• PROBLEM DETAILS:
Output the data once more, exactly as given.

※ ※ ※

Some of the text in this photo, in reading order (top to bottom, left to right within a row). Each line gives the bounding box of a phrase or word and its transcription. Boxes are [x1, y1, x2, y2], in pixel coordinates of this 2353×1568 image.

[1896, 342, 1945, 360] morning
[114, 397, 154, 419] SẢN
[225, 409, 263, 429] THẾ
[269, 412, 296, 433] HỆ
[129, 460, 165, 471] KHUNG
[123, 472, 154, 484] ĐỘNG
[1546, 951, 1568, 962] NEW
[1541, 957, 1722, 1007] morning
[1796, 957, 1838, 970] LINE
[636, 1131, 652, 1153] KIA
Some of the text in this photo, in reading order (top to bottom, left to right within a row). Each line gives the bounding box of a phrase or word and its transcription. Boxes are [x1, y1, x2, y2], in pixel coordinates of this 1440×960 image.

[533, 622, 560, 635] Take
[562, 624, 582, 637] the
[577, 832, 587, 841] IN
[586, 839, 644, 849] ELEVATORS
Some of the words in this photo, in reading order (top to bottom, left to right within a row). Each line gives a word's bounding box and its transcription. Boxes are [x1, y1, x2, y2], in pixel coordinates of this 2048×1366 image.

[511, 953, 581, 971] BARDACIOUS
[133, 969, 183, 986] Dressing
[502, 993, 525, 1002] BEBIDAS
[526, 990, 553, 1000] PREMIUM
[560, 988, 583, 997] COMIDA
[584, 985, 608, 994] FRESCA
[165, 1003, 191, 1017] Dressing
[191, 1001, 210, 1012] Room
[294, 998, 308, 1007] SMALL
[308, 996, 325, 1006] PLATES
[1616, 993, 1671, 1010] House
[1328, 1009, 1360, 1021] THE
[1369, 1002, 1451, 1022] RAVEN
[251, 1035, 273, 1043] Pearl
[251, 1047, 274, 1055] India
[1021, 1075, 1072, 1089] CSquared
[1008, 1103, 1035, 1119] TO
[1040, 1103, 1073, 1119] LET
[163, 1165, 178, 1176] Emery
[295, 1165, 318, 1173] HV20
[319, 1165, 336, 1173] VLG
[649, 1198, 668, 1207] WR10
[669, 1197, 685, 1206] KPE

※ ※ ※

• SOLUTION:
Some of the text in this photo, in reading order (top to bottom, left to right within a row). Each line gives the bounding box of a phrase or word and its transcription. Boxes are [x1, y1, x2, y2], in pixel coordinates of this 2353×1568 image.

[1896, 342, 1945, 360] morning
[114, 397, 154, 419] SẢN
[225, 409, 263, 429] THẾ
[269, 412, 296, 433] HỆ
[129, 460, 165, 471] KHUNG
[123, 472, 154, 484] ĐỘNG
[1546, 951, 1568, 962] NEW
[1541, 957, 1722, 1007] morning
[1796, 957, 1838, 970] LINE
[636, 1131, 652, 1153] KIA
Some of the text in this photo, in reading order (top to bottom, left to right within a row). Each line gives the bounding box of a phrase or word and its transcription. Boxes are [x1, y1, x2, y2], in pixel coordinates of this 1440×960 image.

[533, 622, 560, 635] Take
[562, 624, 582, 637] the
[577, 832, 587, 841] IN
[586, 839, 644, 849] ELEVATORS
Some of the words in this photo, in reading order (top to bottom, left to right within a row). Each line gives a word's bounding box and its transcription. Boxes are [x1, y1, x2, y2], in pixel coordinates of this 2048×1366 image.

[511, 953, 581, 971] BARDACIOUS
[133, 969, 183, 986] Dressing
[502, 993, 525, 1002] BEBIDAS
[526, 990, 553, 1000] PREMIUM
[560, 988, 583, 997] COMIDA
[584, 985, 608, 994] FRESCA
[165, 1003, 191, 1017] Dressing
[191, 1001, 210, 1012] Room
[294, 998, 308, 1007] SMALL
[308, 996, 325, 1006] PLATES
[1616, 993, 1671, 1010] House
[1328, 1009, 1360, 1021] THE
[1369, 1002, 1451, 1022] RAVEN
[251, 1035, 273, 1043] Pearl
[251, 1047, 274, 1055] India
[1021, 1075, 1072, 1089] CSquared
[1008, 1103, 1035, 1119] TO
[1040, 1103, 1073, 1119] LET
[163, 1165, 178, 1176] Emery
[295, 1165, 318, 1173] HV20
[319, 1165, 336, 1173] VLG
[649, 1198, 668, 1207] WR10
[669, 1197, 685, 1206] KPE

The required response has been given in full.